Each entry should be repeated exactly. Its pictures should not be.

######

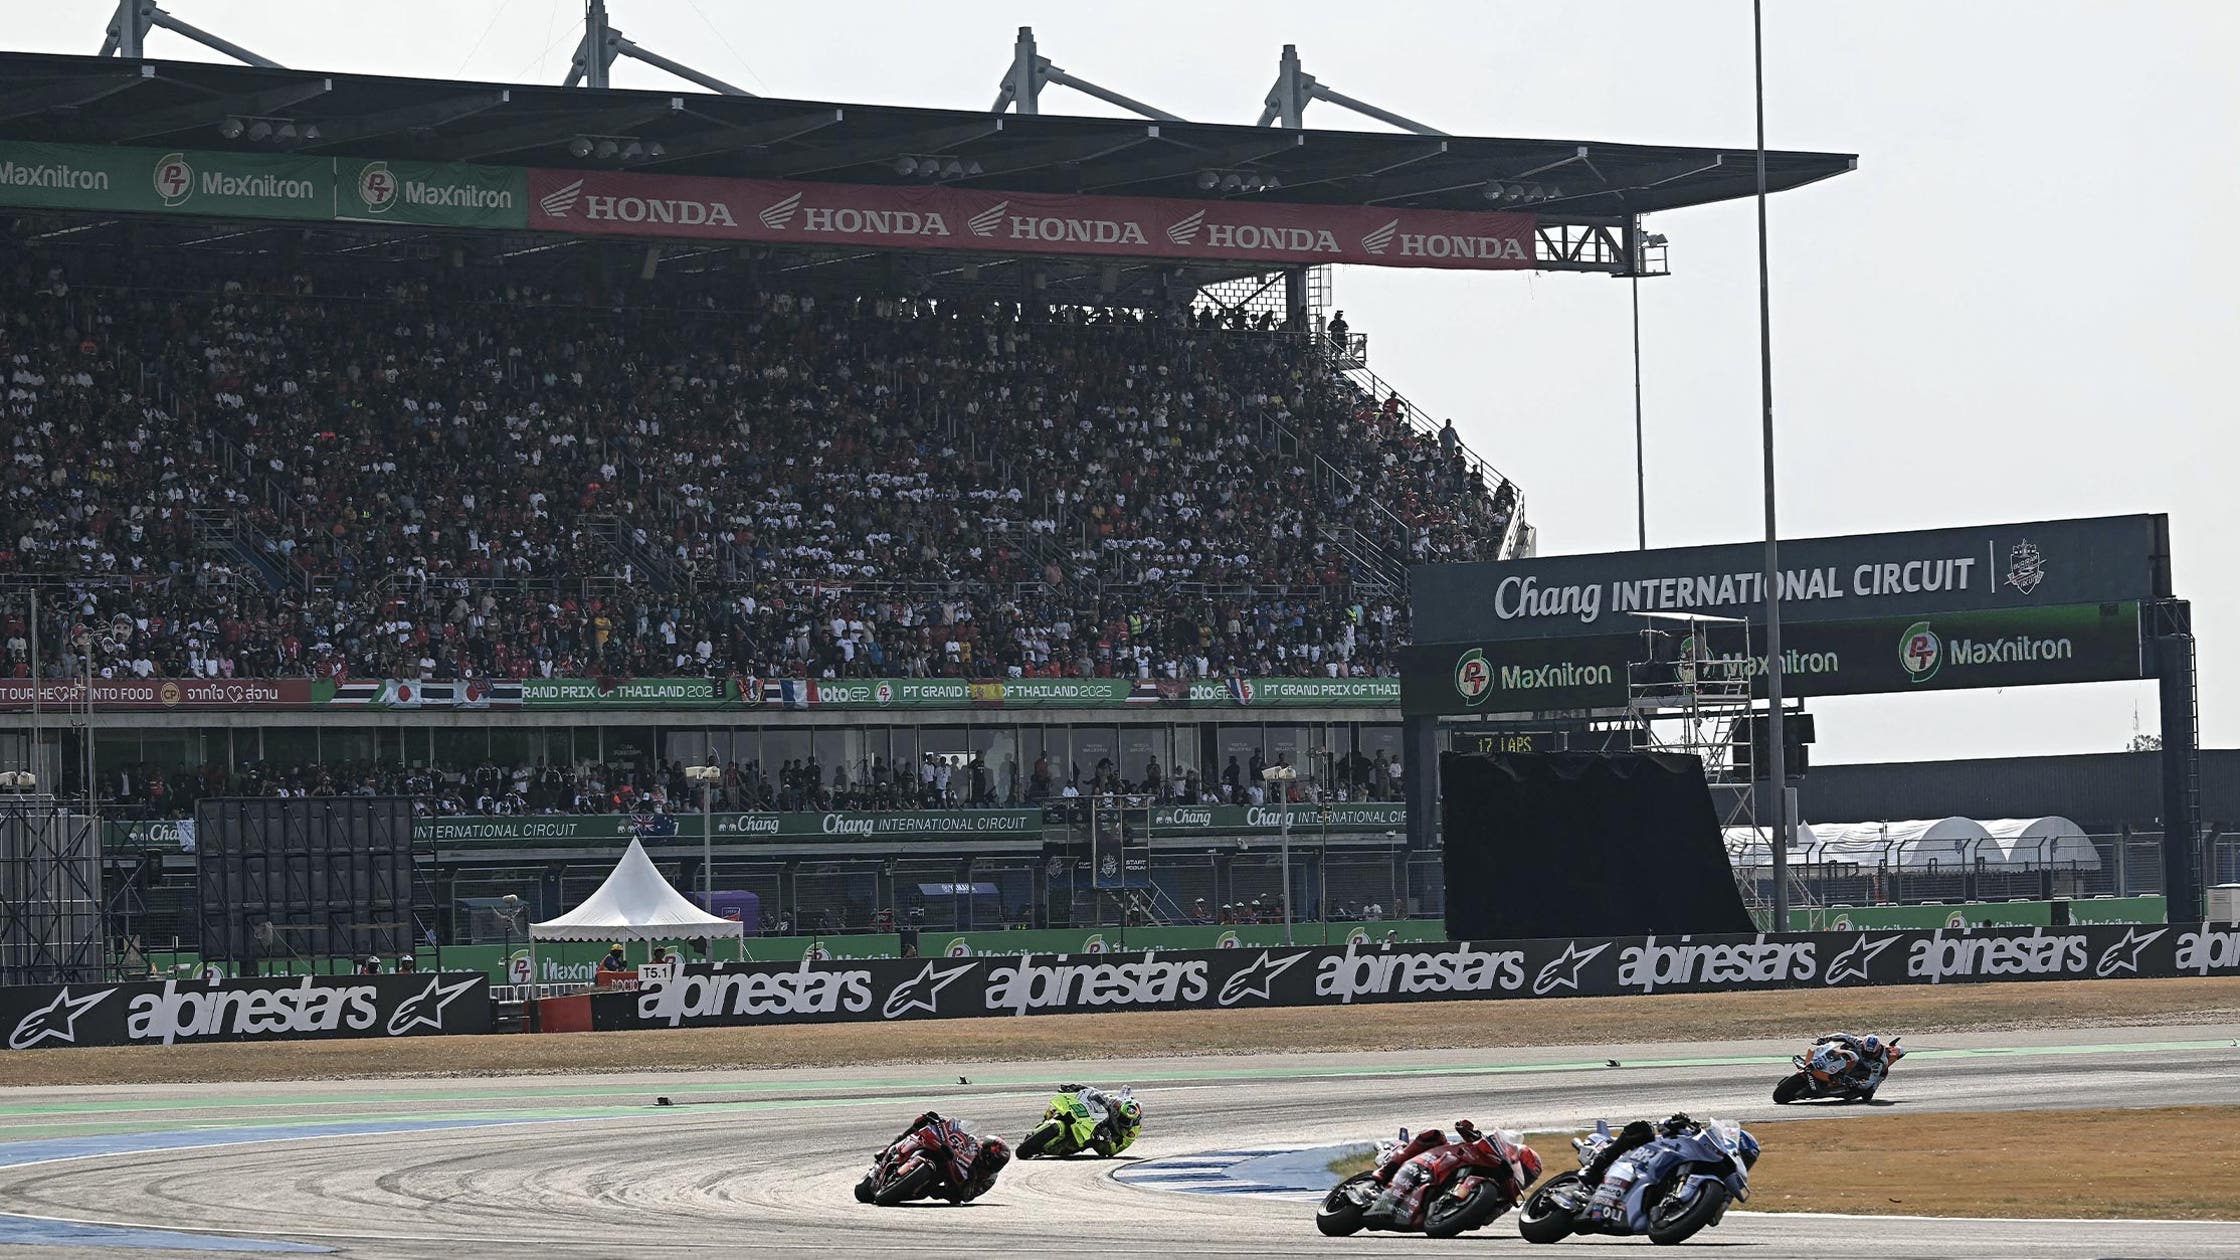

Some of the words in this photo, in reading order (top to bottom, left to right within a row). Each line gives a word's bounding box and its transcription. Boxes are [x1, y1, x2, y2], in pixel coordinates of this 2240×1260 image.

[203, 172, 313, 199] Maxnitron
[405, 182, 511, 209] Maxnitron
[585, 195, 738, 227] HONDA
[803, 208, 950, 236] HONDA
[1009, 216, 1148, 245] HONDA
[1207, 225, 1341, 253] HONDA
[1400, 234, 1527, 260] HONDA
[1495, 576, 1602, 623] Chang
[1853, 557, 1975, 596] CIRCUIT
[1950, 636, 2071, 665] Maxnitron
[1501, 662, 1612, 690] Maxnitron
[93, 688, 117, 700] NTO
[121, 688, 153, 700] FOOD
[522, 686, 558, 698] RAND
[561, 686, 595, 698] PRIX
[617, 686, 684, 698] THAILAND
[687, 686, 713, 698] 202
[903, 686, 919, 697] PT
[921, 686, 963, 697] GRAND
[1016, 686, 1078, 697] THAILAND
[1080, 686, 1111, 697] 2025
[1264, 685, 1279, 696] PT
[1281, 685, 1319, 696] GRAND
[1321, 685, 1351, 696] PRIX
[1352, 685, 1367, 696] OF
[1368, 685, 1400, 696] THAI
[414, 825, 519, 839] INTERNATIONAL
[523, 824, 577, 837] CIRCUIT
[738, 816, 779, 834] Chang
[822, 814, 874, 837] Chang
[878, 818, 974, 831] INTERNATIONAL
[977, 817, 1027, 830] CIRCUIT
[1173, 809, 1211, 827] Chang
[150, 824, 178, 841] Cha
[1618, 933, 1816, 992] alpinestars
[1908, 927, 2087, 984] alpinestars
[643, 967, 667, 978] T5.1
[985, 952, 1208, 1016] alpinestars
[1315, 942, 1524, 1003] alpinestars
[638, 959, 872, 1026] alpinestars
[127, 975, 377, 1046] alpinestars
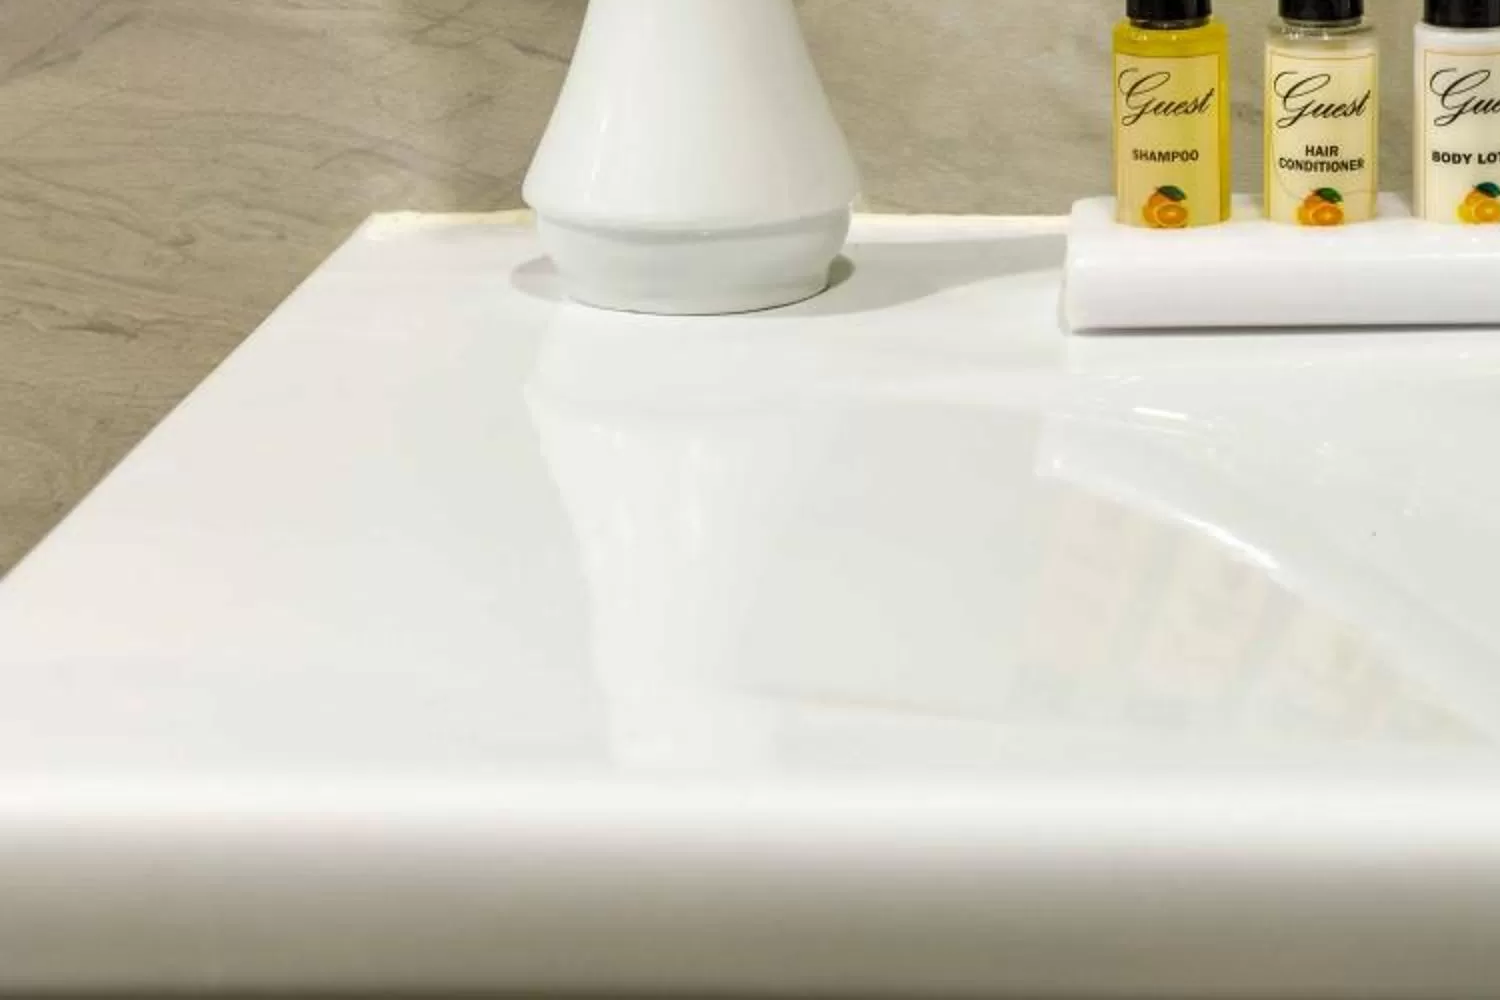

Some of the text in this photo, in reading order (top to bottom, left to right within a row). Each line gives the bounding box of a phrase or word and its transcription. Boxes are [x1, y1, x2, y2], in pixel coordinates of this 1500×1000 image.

######

▶ Answer to the exercise
Some of the words in this photo, in reading order (top to bottom, left to right within a row). Each line gives a word's bounding box and its transcription. Boxes are [x1, y1, x2, y2], in pixel coordinates of this 2240×1260 image.

[203, 172, 313, 199] Maxnitron
[405, 182, 511, 209] Maxnitron
[585, 195, 738, 227] HONDA
[803, 208, 950, 236] HONDA
[1009, 216, 1148, 245] HONDA
[1207, 225, 1341, 253] HONDA
[1400, 234, 1527, 260] HONDA
[1495, 576, 1602, 623] Chang
[1853, 557, 1975, 596] CIRCUIT
[1950, 636, 2071, 665] Maxnitron
[1501, 662, 1612, 690] Maxnitron
[93, 688, 117, 700] NTO
[121, 688, 153, 700] FOOD
[522, 686, 558, 698] RAND
[561, 686, 595, 698] PRIX
[617, 686, 684, 698] THAILAND
[687, 686, 713, 698] 202
[903, 686, 919, 697] PT
[921, 686, 963, 697] GRAND
[1016, 686, 1078, 697] THAILAND
[1080, 686, 1111, 697] 2025
[1264, 685, 1279, 696] PT
[1281, 685, 1319, 696] GRAND
[1321, 685, 1351, 696] PRIX
[1352, 685, 1367, 696] OF
[1368, 685, 1400, 696] THAI
[414, 825, 519, 839] INTERNATIONAL
[523, 824, 577, 837] CIRCUIT
[738, 816, 779, 834] Chang
[822, 814, 874, 837] Chang
[878, 818, 974, 831] INTERNATIONAL
[977, 817, 1027, 830] CIRCUIT
[1173, 809, 1211, 827] Chang
[150, 824, 178, 841] Cha
[1618, 933, 1816, 992] alpinestars
[1908, 927, 2087, 984] alpinestars
[643, 967, 667, 978] T5.1
[985, 952, 1208, 1016] alpinestars
[1315, 942, 1524, 1003] alpinestars
[638, 959, 872, 1026] alpinestars
[127, 975, 377, 1046] alpinestars

Some of the text in this photo, in reading order (top to bottom, left to right within a row). Each line gives the bounding box of a phrase or word and its transcription. Boxes are [x1, y1, x2, y2], in pixel coordinates of this 1500×1000 image.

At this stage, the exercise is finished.